Podniosła wzrok. Jej oczom ukazał się najpiękniejszy uśmiech, jaki mogła tylko ujrzeć na pysku Starożytnego. Złoty pył oplótł całe jego ciała, niczym gwiazdy na nocnym niebie. Lucy uśmiechnęła się radośnie, nie chcąc, by ostatnim widokiem, jaki ujrzy jej mistrz, była jej zapłakana twarz.
— Dziękuję za wszystko, mistrzu!
Jej głos rozniósł się echem między korytarzami jaskini. A potem nastąpiła już tylko absolutna cisza. Ciało smoka spowił jasny jak słońce blask. Pył rozprzestrzenił się we wszystkie strony, a ze Starożytnego pozostała jedynie nicość. Opuszkami dotknęła leciutkich pyłków — były takie ciepłe.
— Idziemy? — zwróciła się do ognistego przyjaciela.
Zaskomlał szczęśliwie, wtulając się w jej policzek pod postacią kota.
— Nie martw się, tym razem będę silniejsza! — obiecała jemu i sobie. — Tym razem będę…

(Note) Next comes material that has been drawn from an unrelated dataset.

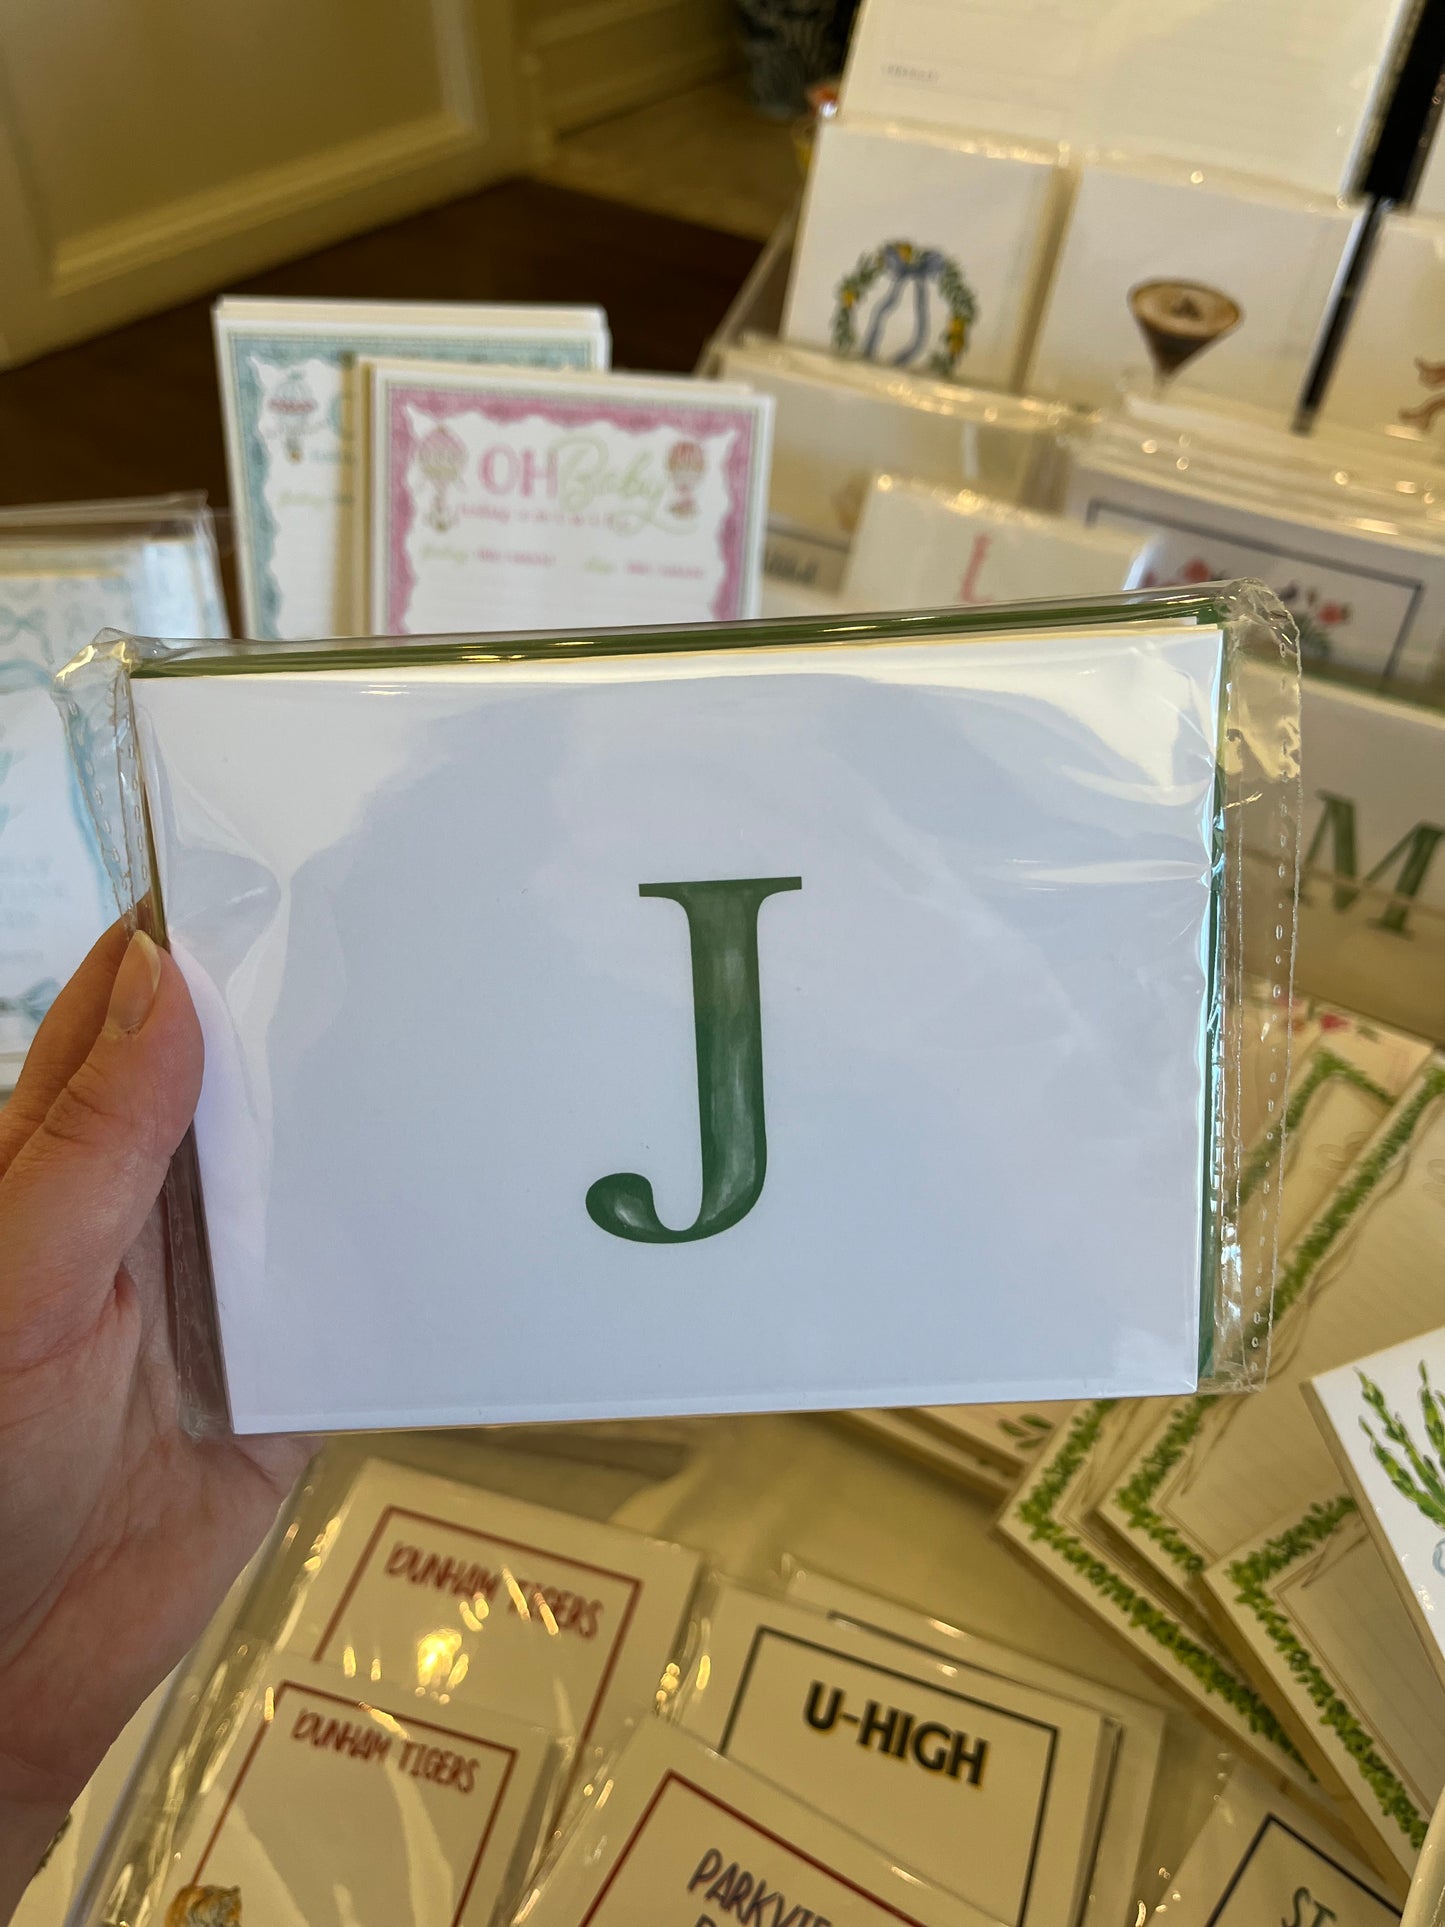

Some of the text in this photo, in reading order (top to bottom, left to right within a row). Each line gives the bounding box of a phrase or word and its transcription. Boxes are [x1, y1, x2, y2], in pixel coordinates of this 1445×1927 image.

Łzy spłynęły po jej policzkach, skapując na gołą skałę. Za nią kolejne płyty zaczęły odrywać się od wzniesień. Wszelkie rośliny umierały, a ziemia zapadała się pod każdym krokiem. Magia Starożytnego podążała za Lucy, wchodząc w postaci złotych pyłków do jej ciała. Ostatni krok dziewczyny rozdzielił podłoże na pół.
— Idźmy już.
Ogniste skrzydła wyrosły z jej ramion. Żywiołak wtulił się w nią, szepcząc do ucha najpiękniejszą z możliwych melodii. Blizna ponownie zapiekła, lecz Lucy nie przejmowała się nią. Wzleciała ku niebiosom, pozostawiając za sobą słup ognia, który strawił za sobą wszystko. Nic nie pozostało z domu Starożytnego.
Lucy wzniosła się jeszcze wyżej. Jeszcze rok temu tylko marzyła, by stać się smokiem i móc samodzielnie lecieć wśród chmur. Dziś sen stał się rzeczywistością. Krążyła wokół chmur, dotykając ich mokrej, puszystej powierzchni, lecz nadal nie była smokiem. Nadal musiała się uczyć, robić kolejny krok na przód i dzielnie znosić wszystkie trudy, jakie stawiało przed nią życie.
Była gotowa. I na konfrontację z Królem Smoków, i na spełnienie obietnicy, którą złożyła Ericowi.
Nagle zatrzymała się. Wyciągnęła przed siebie dłoń i ujrzała w niej obraz pęku kluczy. Próbowała je ścisnąć, lecz rozmyły się, niczym fatamorgana.
— Fairy Tail — powiedziała cicho. — Moje klucze. Aquarius. Loki. Virgo… Co to oznacza?